Senate Bill 345 would require each school corporation, including charter schools, to develop a policy that reduces the use of physical restraint or seclusion when students become aggressive.
“Over the summer, the General Assembly’s Autism Commission reviewed evidence showing the horrible, but unintended consequences restraint and seclusion can have,” Head said. “There have been reports of students dying due to the well-meaning actions of untrained individuals. While this is a rare situation, it is a tragedy that should never have to happen. We can prevent this by making certain our teachers and staff members are prepared for these situations.”

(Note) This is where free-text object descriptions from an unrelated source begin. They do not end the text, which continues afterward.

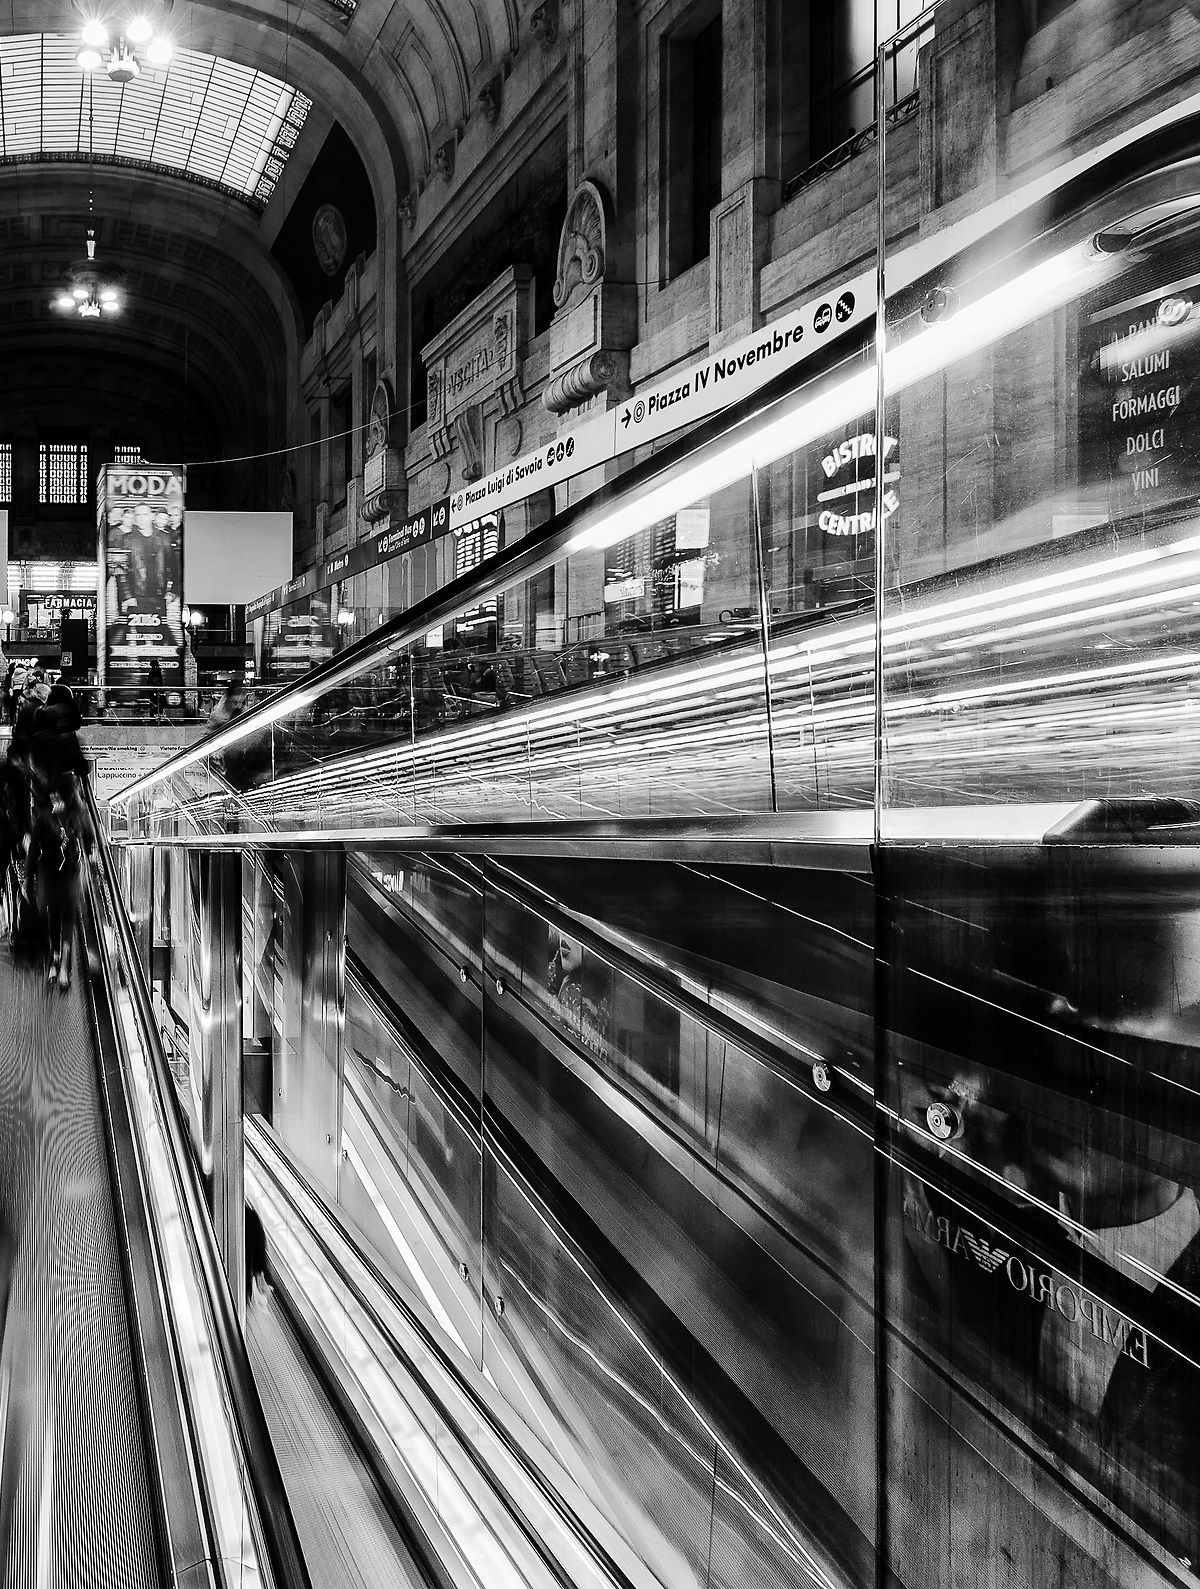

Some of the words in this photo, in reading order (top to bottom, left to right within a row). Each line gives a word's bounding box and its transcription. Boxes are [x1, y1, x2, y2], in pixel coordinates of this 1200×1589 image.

[648, 382, 691, 416] Piazza
[694, 366, 711, 393] IV
[713, 324, 805, 384] Novembre
[1121, 350, 1170, 383] SALUMI
[1112, 385, 1181, 422] FORMAGGI
[1126, 428, 1164, 456] DOLCI
[465, 488, 486, 506] Piazza
[487, 473, 505, 494] Luigi
[506, 469, 514, 486] di
[515, 456, 543, 482] Savoia
[1132, 467, 1160, 491] VINI
[45, 598, 93, 609] FARMACIA
[97, 772, 137, 780] Cappuccino
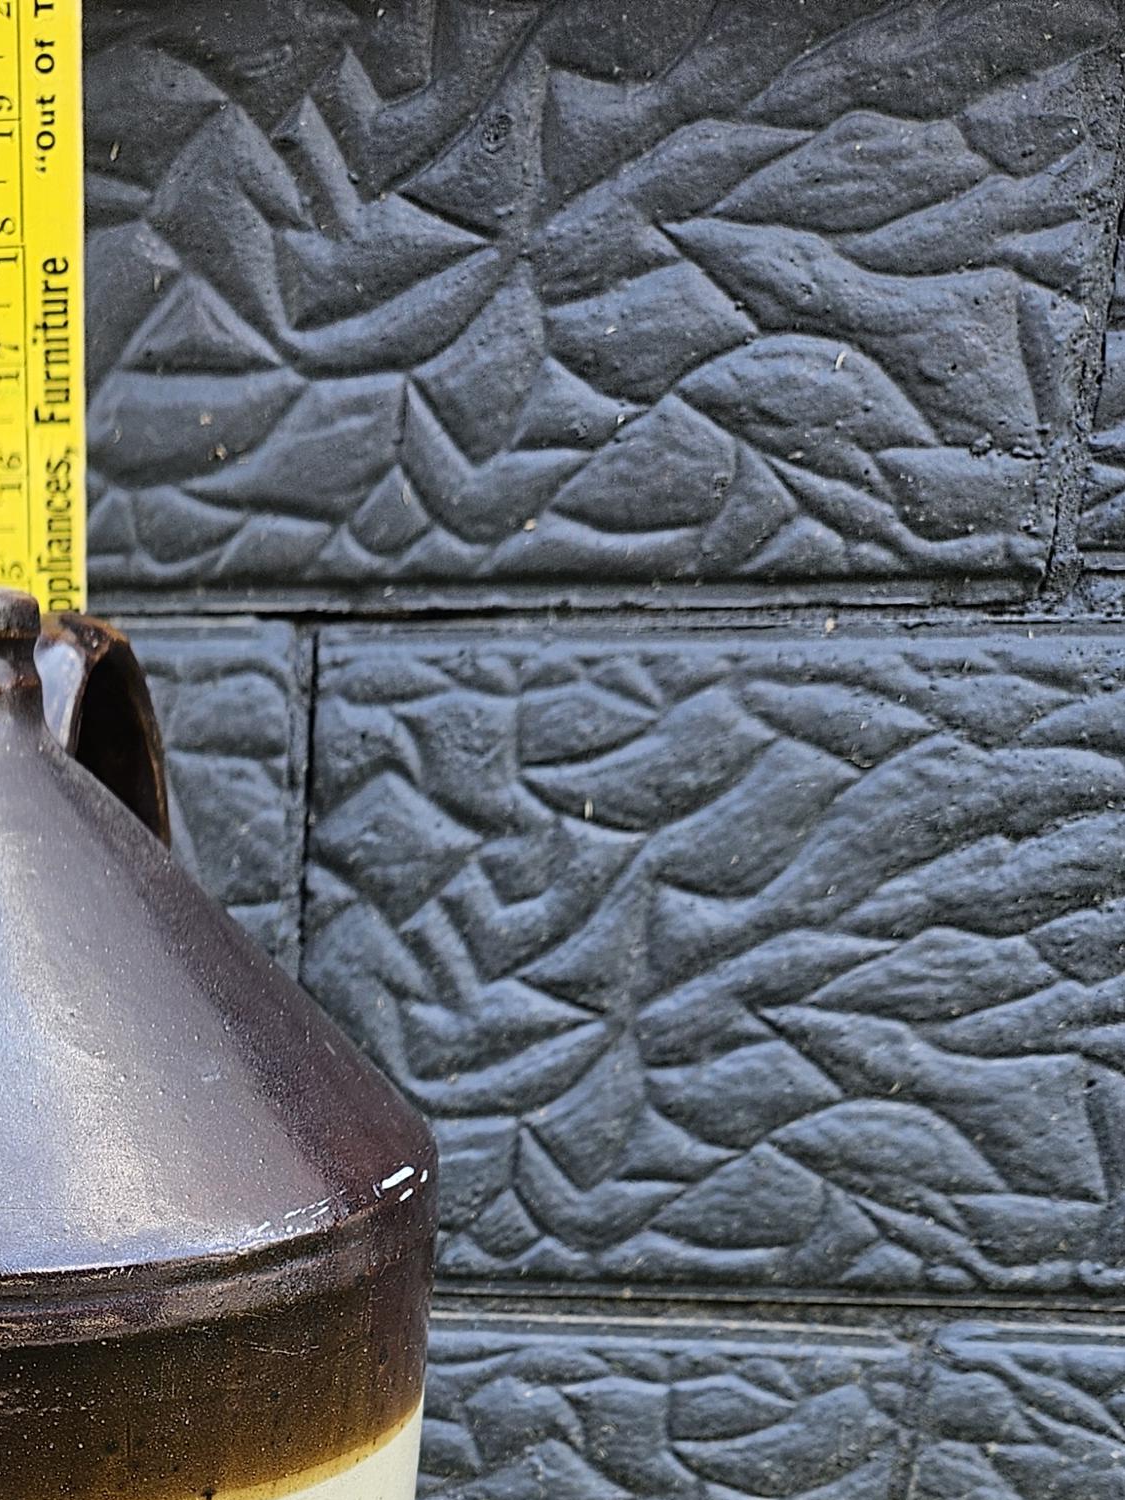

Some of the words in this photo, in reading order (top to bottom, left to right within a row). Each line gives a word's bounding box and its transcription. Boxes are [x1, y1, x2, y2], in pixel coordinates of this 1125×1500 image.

[33, 0, 54, 18] T
[34, 37, 55, 75] Of
[33, 257, 70, 426] Furniture
[37, 445, 81, 612] ppliances,
[0, 560, 24, 579] 5
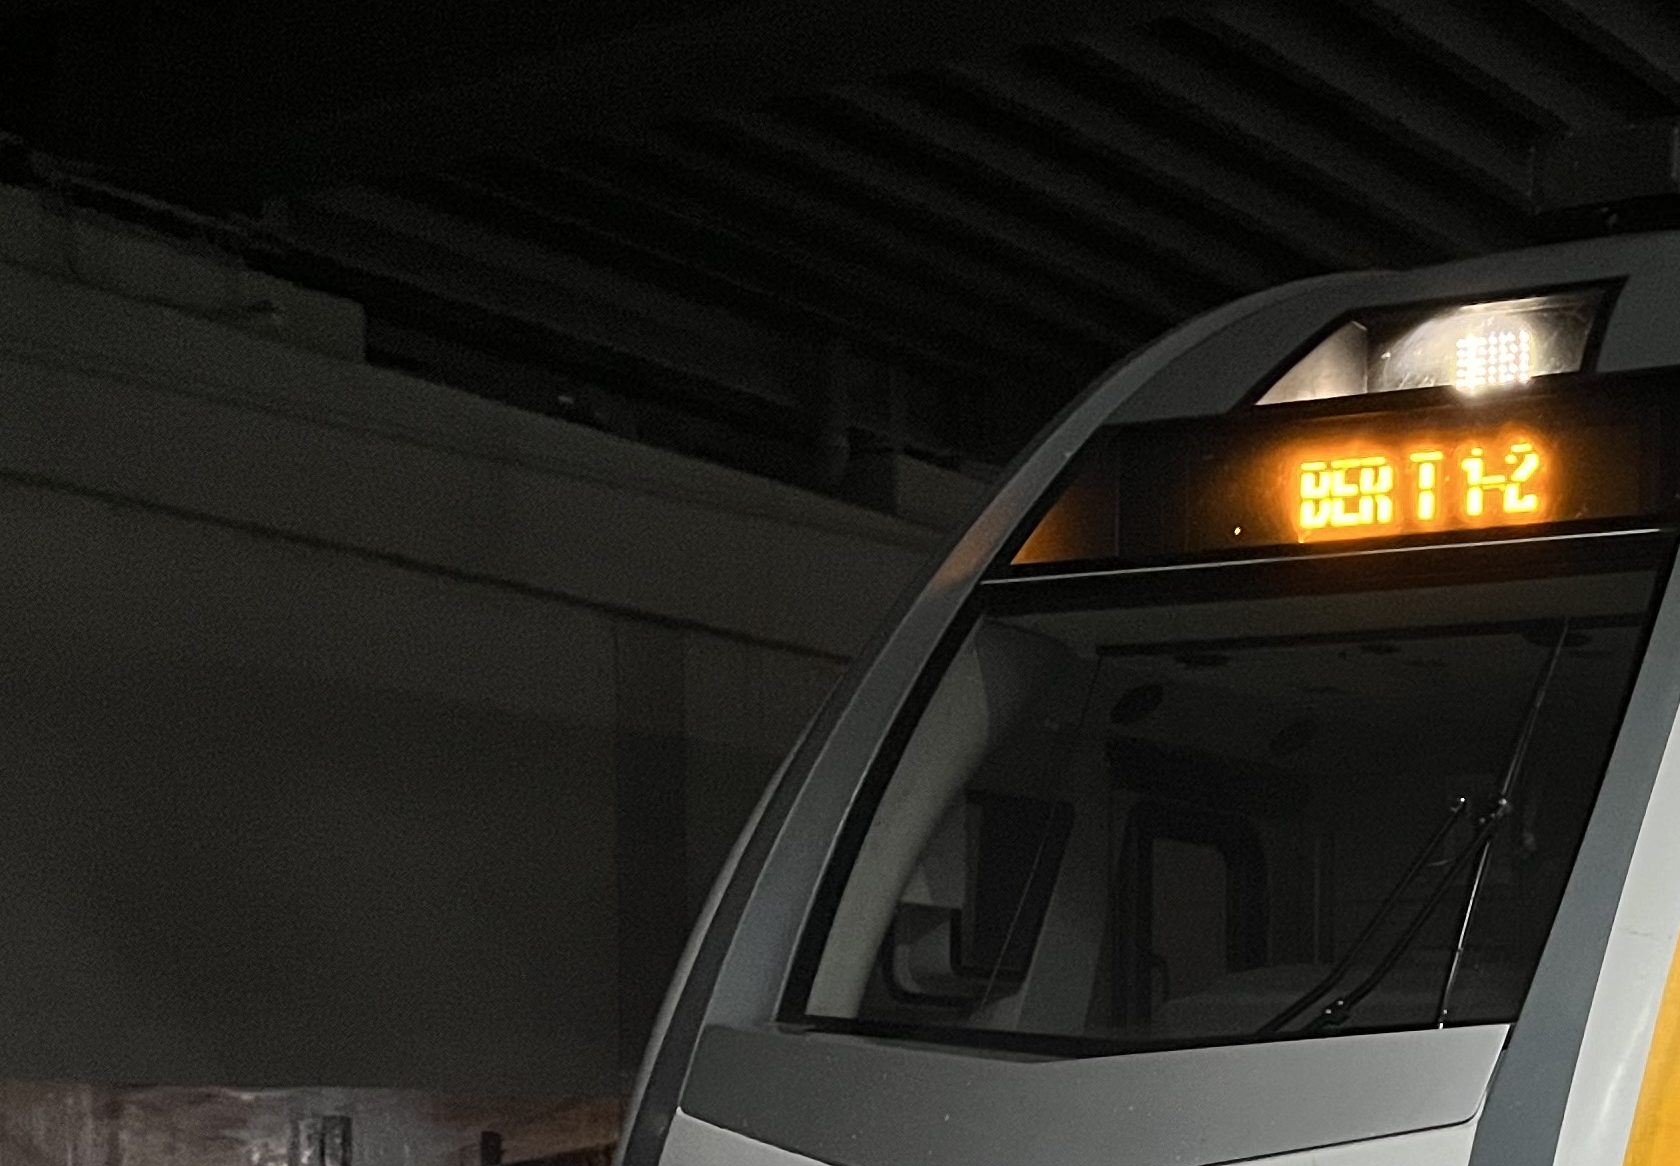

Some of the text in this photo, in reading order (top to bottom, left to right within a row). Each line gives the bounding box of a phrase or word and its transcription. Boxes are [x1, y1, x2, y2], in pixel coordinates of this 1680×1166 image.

[1300, 443, 1540, 528] BER T 1-2
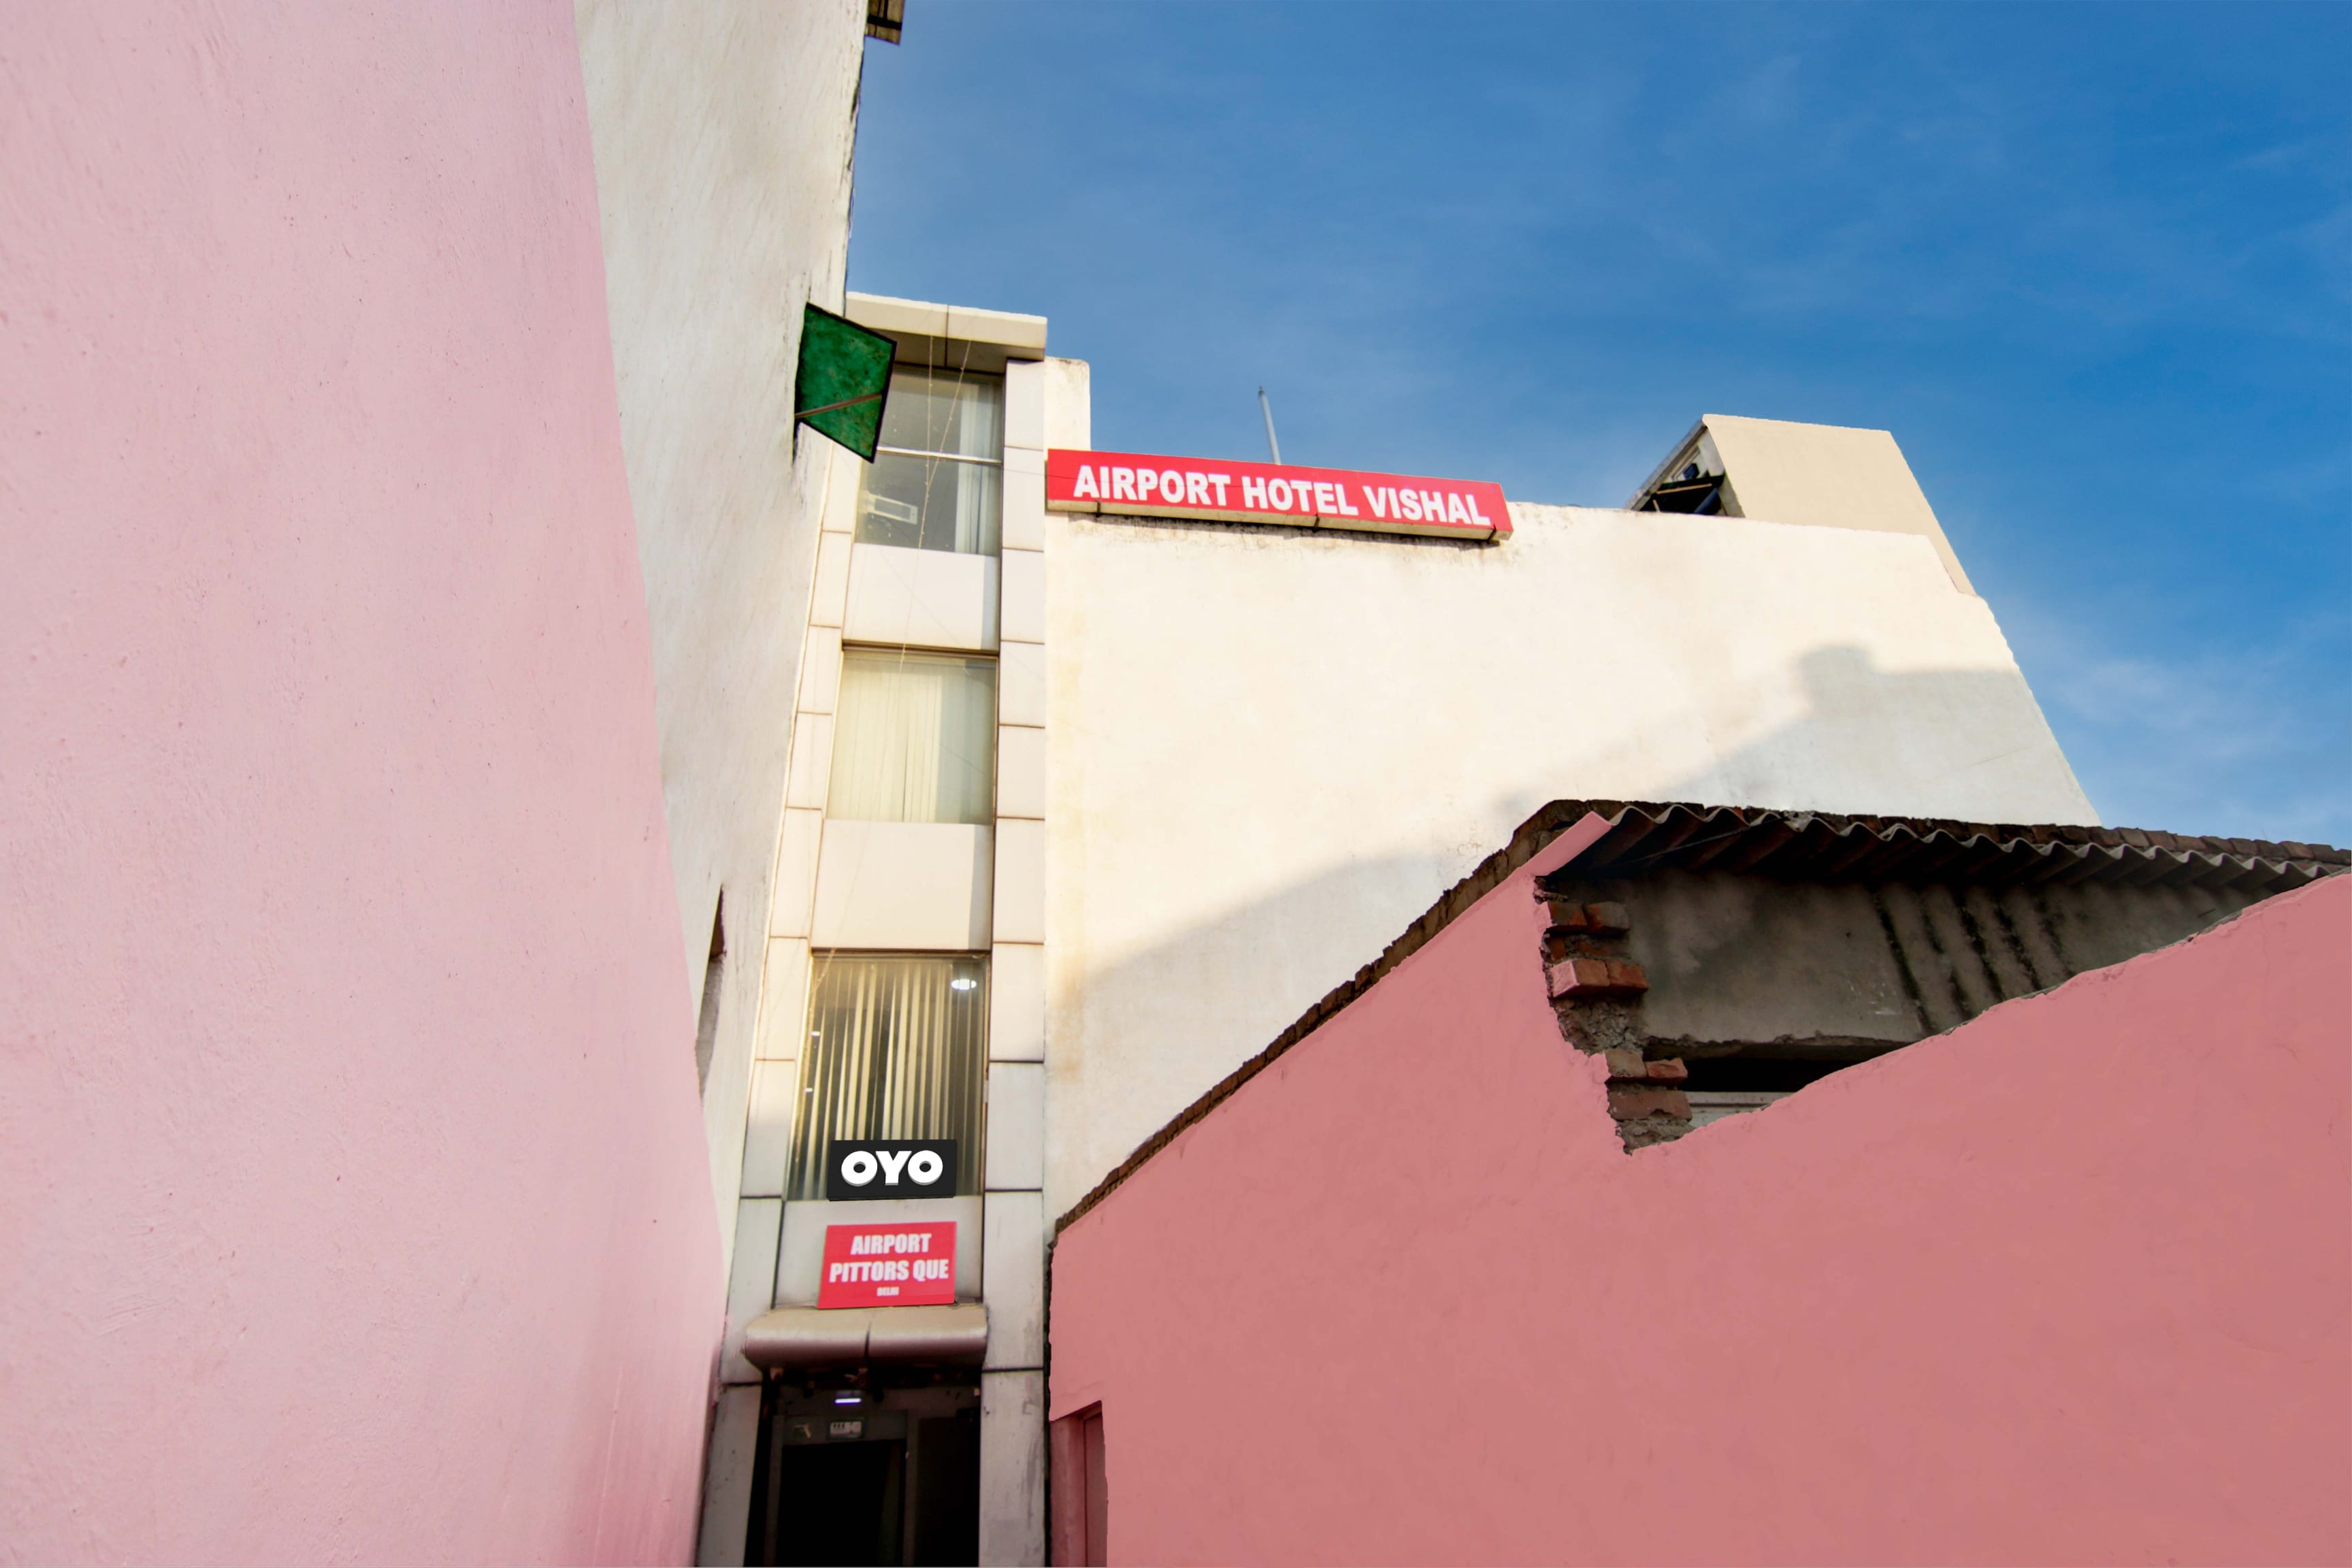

Head said his plan would require school policies to include statements on the following:
- How appropriate student behavior will be promoted.
- The school’s intention to use prevention, positive behavior intervention and conflict de-escalation before using seclusion or restraint.
- The condition that any behavioral intervention used will be consistent with the student’s most current behavioral intervention plan or individualized education program.
- A guarantee that if seclusion or restraint is used, the procedure will be done as a last resort for safety procedure after another less restrictive procedure has been implemented.
Additionally, the policy must provide requirements for time limits and enclosures used for seclusion, adult supervision in the event of isolation, appropriate documentation and immediate parent notification. Schools must also require training for employees on the appropriate use of restraint and seclusion as well as effective alternatives.
“There are times when seclusion and restraint may be necessary to stop a student from harming someone,” Head said. “But we can’t leave that open to interpretation. Putting policies like this in place will help ensure our students are treated with care, regardless of the situation.”
Head filed SB 345 yesterday at the opening of the 2013 legislative session.